The temperature decomposition method for periodic thermal flows with conjugate heat transfer

Periodic structures are often found in many industrial applications. Simulations for such systems can be performed over a one-module domain when neglecting variation in fluid properties, and the results can be applied to a multiple-module flow passage. This approach is widely found in previous studies; however, it is limited to systems with relatively simple boundary situations: either the temperature or heat flux can be specified over the wall surfaces. Recently Li and Zhang (J. Heat Transf. 140:112002, 2018; Numen Heat Tr. B Fund. 74:559, 2018) have proposed a temperature decomposition method, which makes the one-unit simulations possible for the above situations. However, the conjugate heat transfer, for example, between the flowing fluid and the structure materials (solid structure), has not been considered. In this study, we extend the temperature decomposition method to periodic thermal flows with conjugate heat transfer between the fluid and structure. The physical temperature is split into two parts, namely the transient part and the equilibrium part.
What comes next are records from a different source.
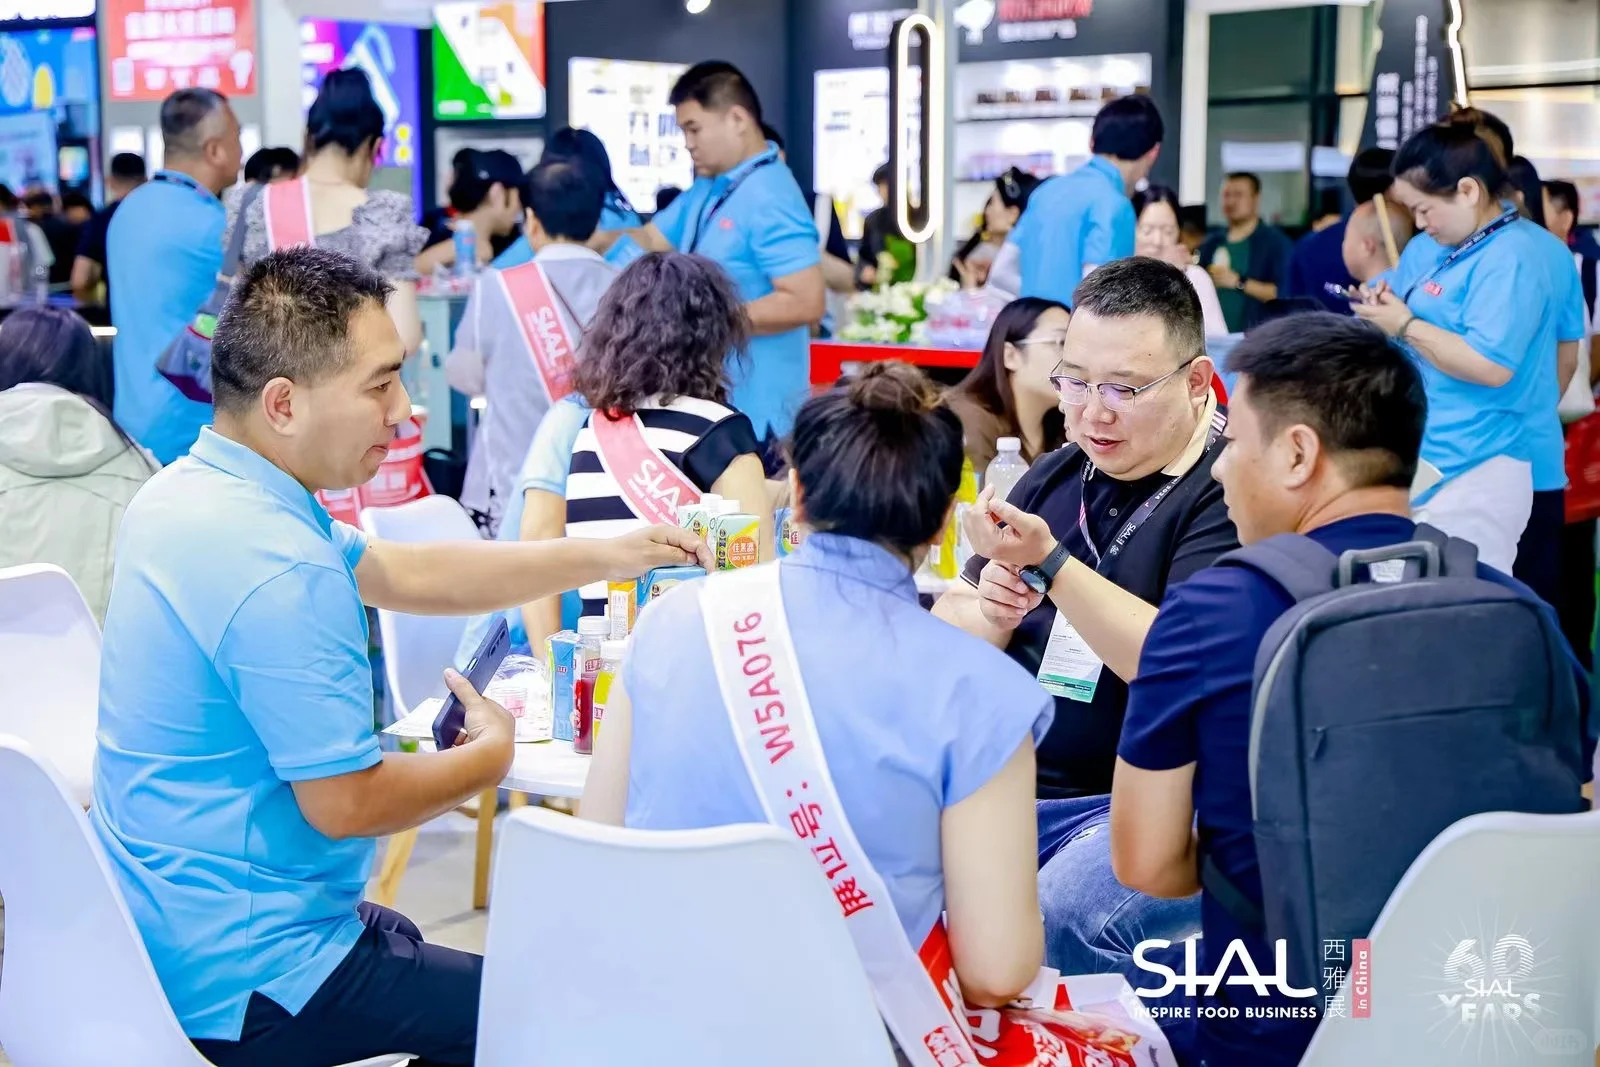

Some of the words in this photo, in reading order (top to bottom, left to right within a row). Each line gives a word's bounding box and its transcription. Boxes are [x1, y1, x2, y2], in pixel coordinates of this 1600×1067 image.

[531, 306, 568, 369] SIAL
[632, 458, 694, 517] SIA
[733, 611, 795, 765] W5A076
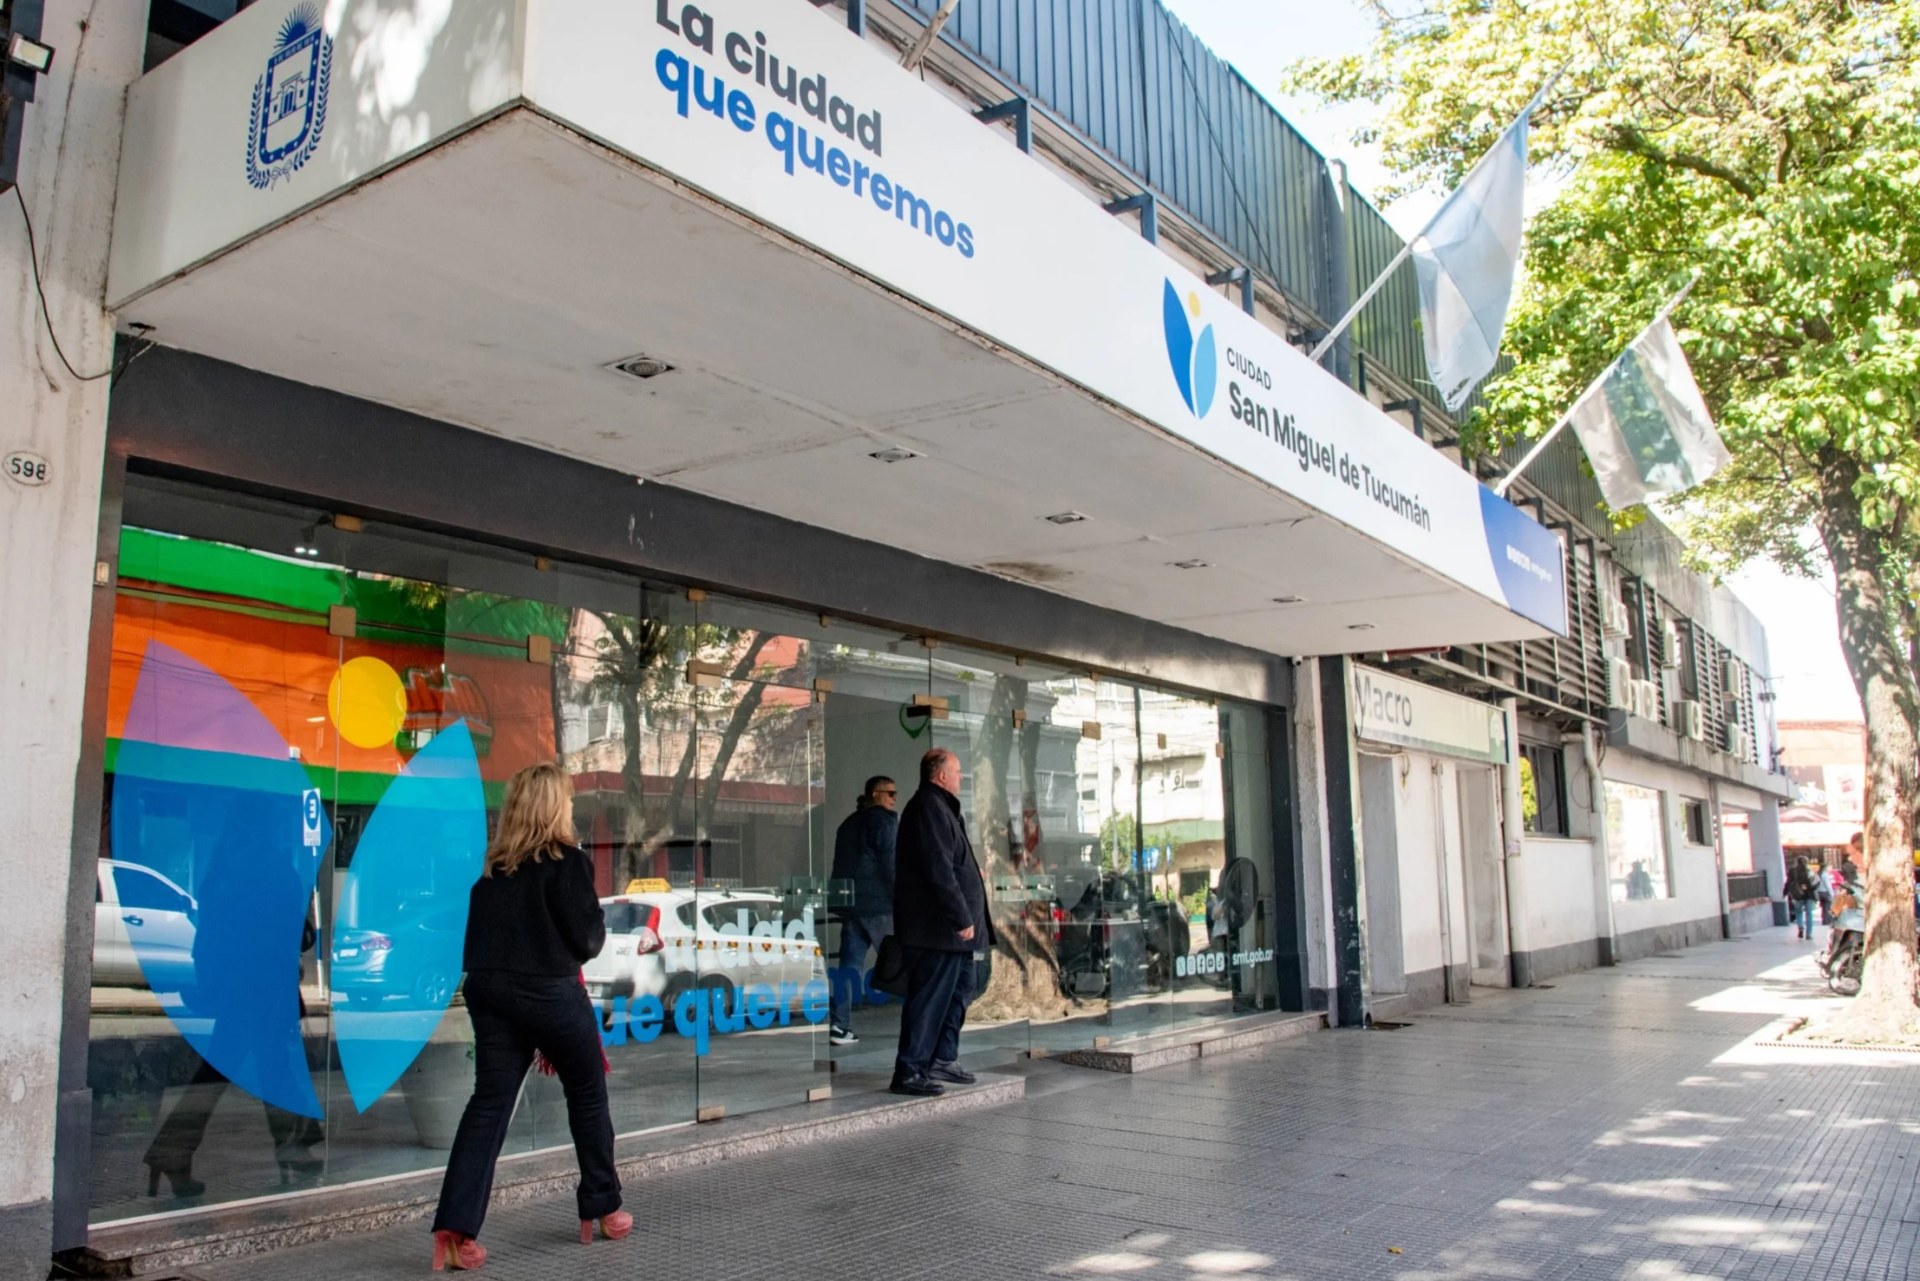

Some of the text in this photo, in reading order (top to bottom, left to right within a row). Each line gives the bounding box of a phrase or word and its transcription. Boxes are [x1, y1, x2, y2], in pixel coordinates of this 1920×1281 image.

[656, 0, 882, 157] La ciudad
[655, 48, 974, 259] que queremos
[1227, 347, 1272, 390] CIUDAD
[11, 457, 46, 480] 598
[1229, 381, 1431, 532] San Miguel de Tucumán
[1232, 947, 1274, 968] smt.gob.ar
[594, 992, 664, 1048] ue
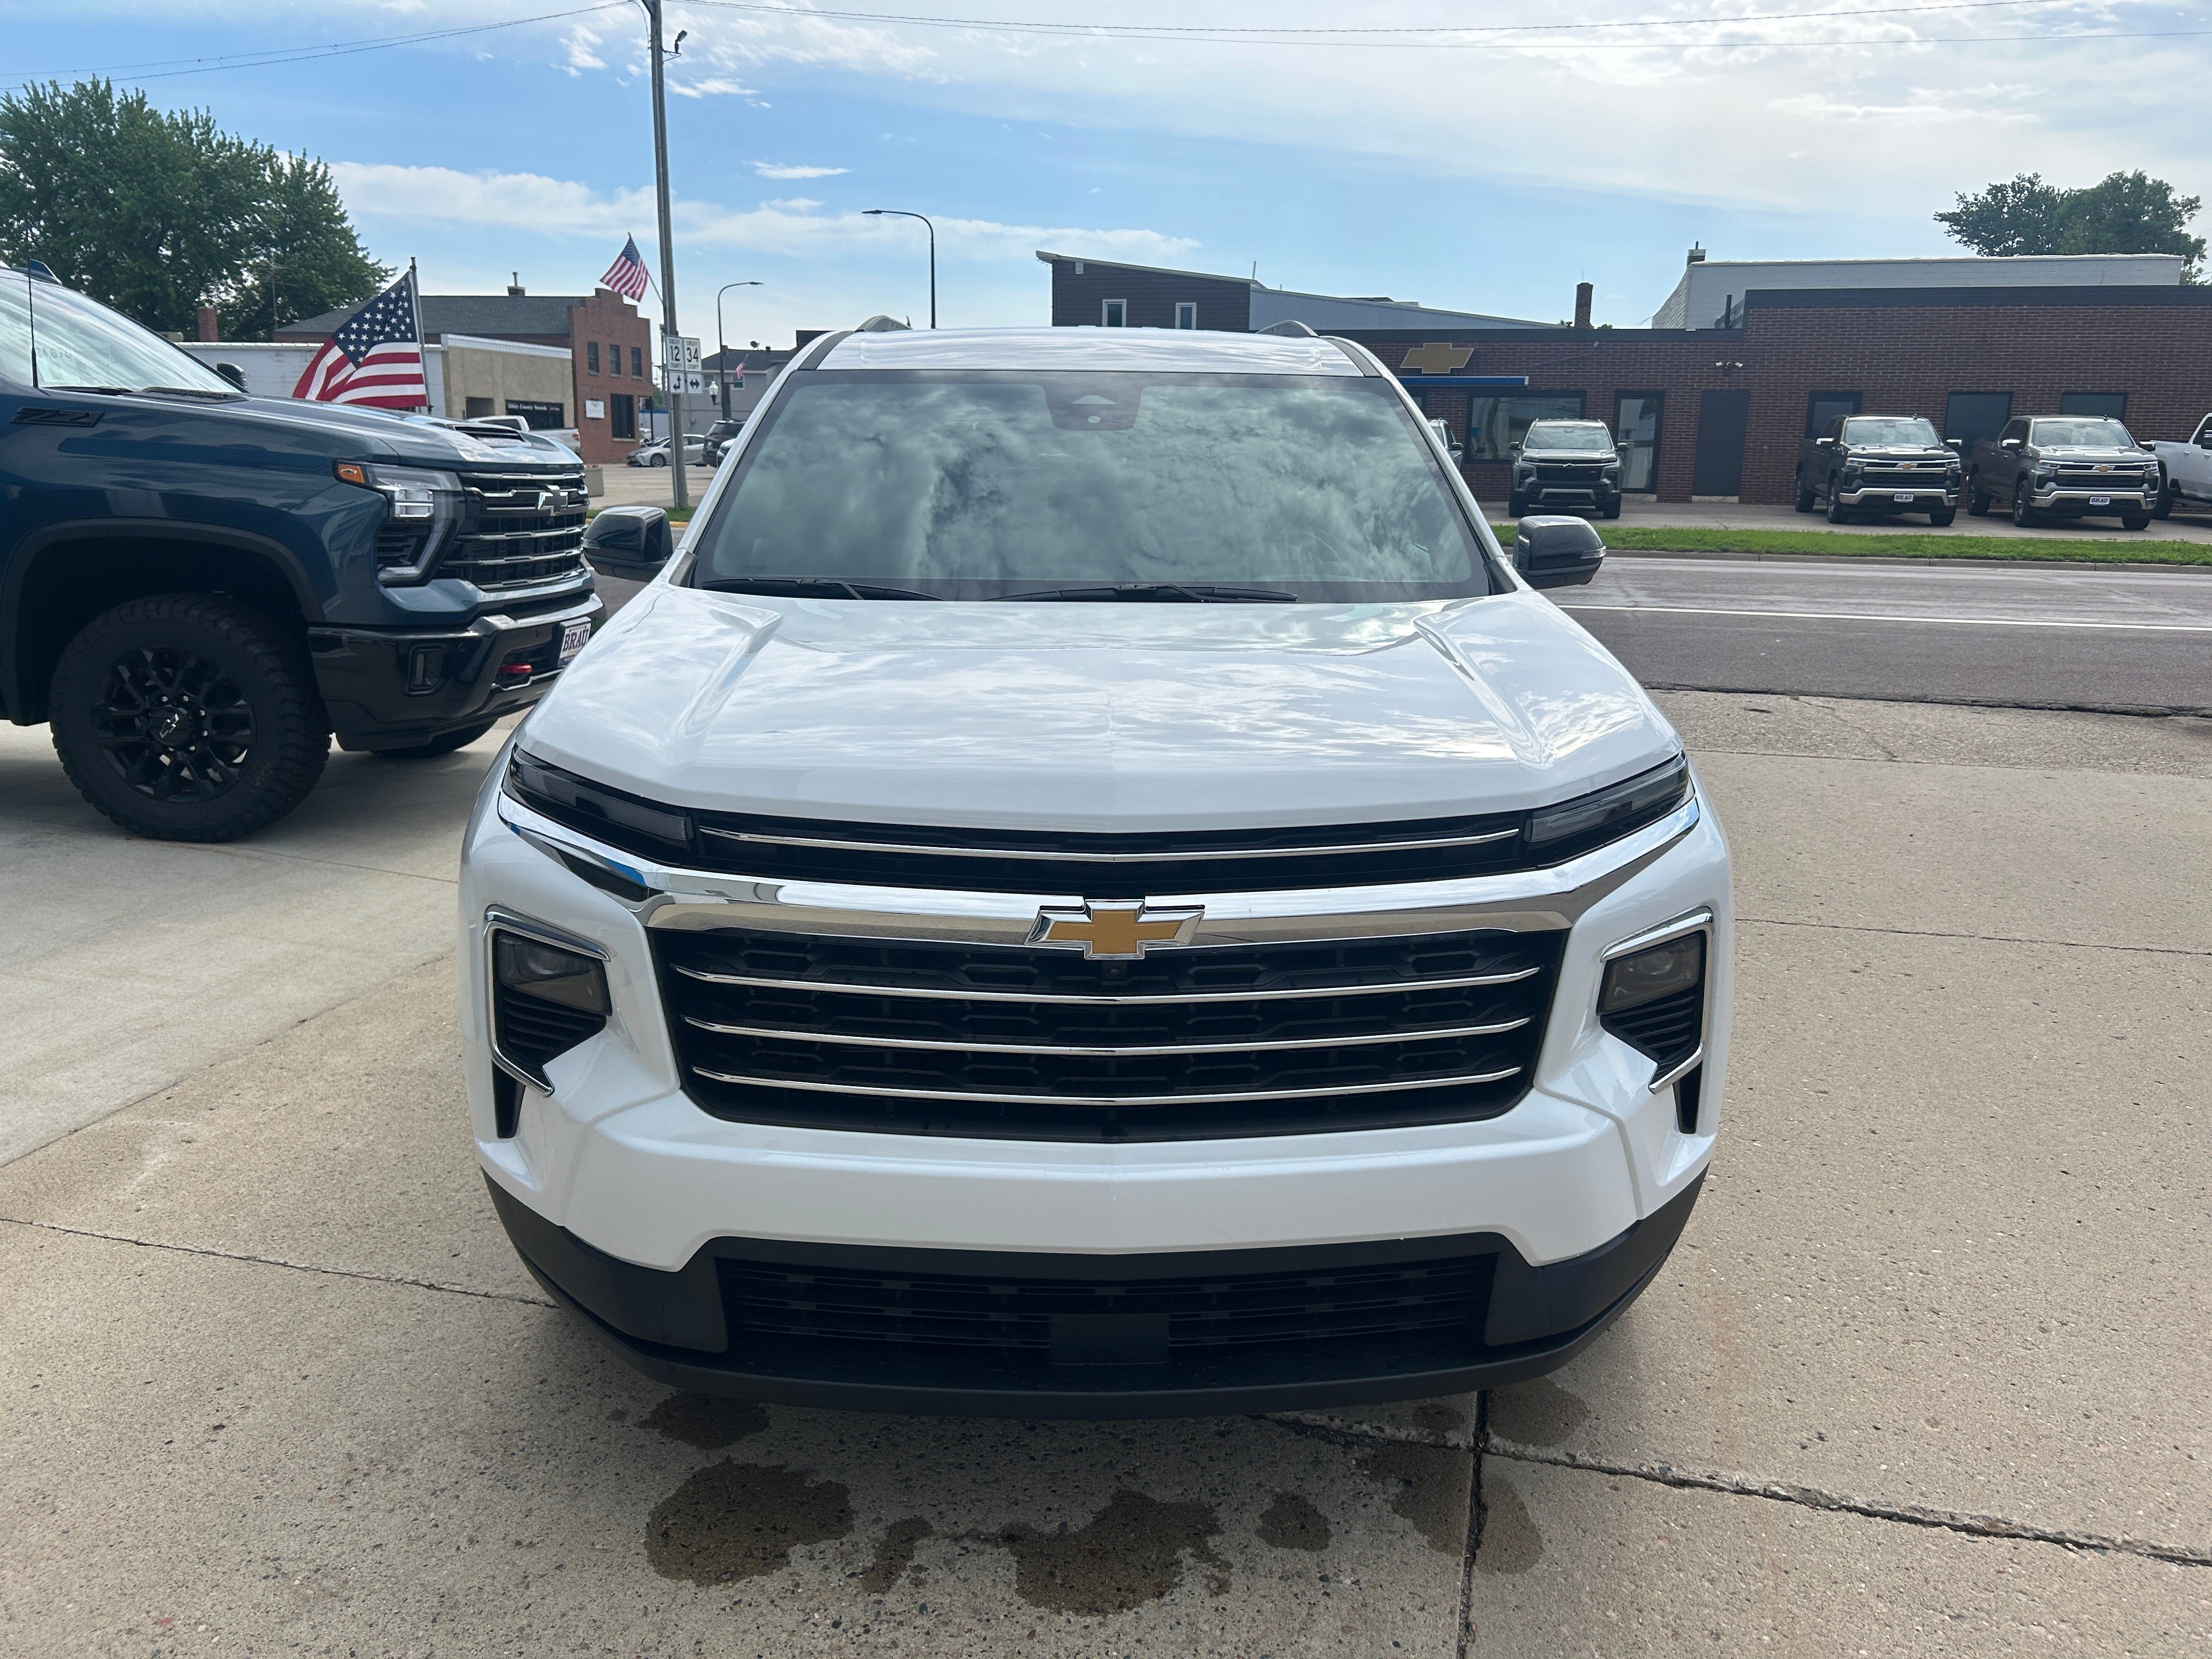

The governing equations and conjugate relations at the interface for each temperature parts are established, and the corresponding inlet/outlet boundary conditions are proposed. It can be mathematically shown that the temperature obtained from this method satisfies the original energy equation in the fluid and solid domains, the thermal boundary conditions on the system walls, and the conjugate relations at the solid-fluid interfaces. Physical interpretations and numerical implementation steps are also provided. Several simulations are conducted to verify and demonstrate the validity, accuracy, and potential usefulness of our method, and the results and discussions clearly show that the TDM method correctly reflects the underlying relationship in temperature, which otherwise is not available, for conjugate periodic thermal systems. (C) 2020 Elsevier Ltd. All rights reserved.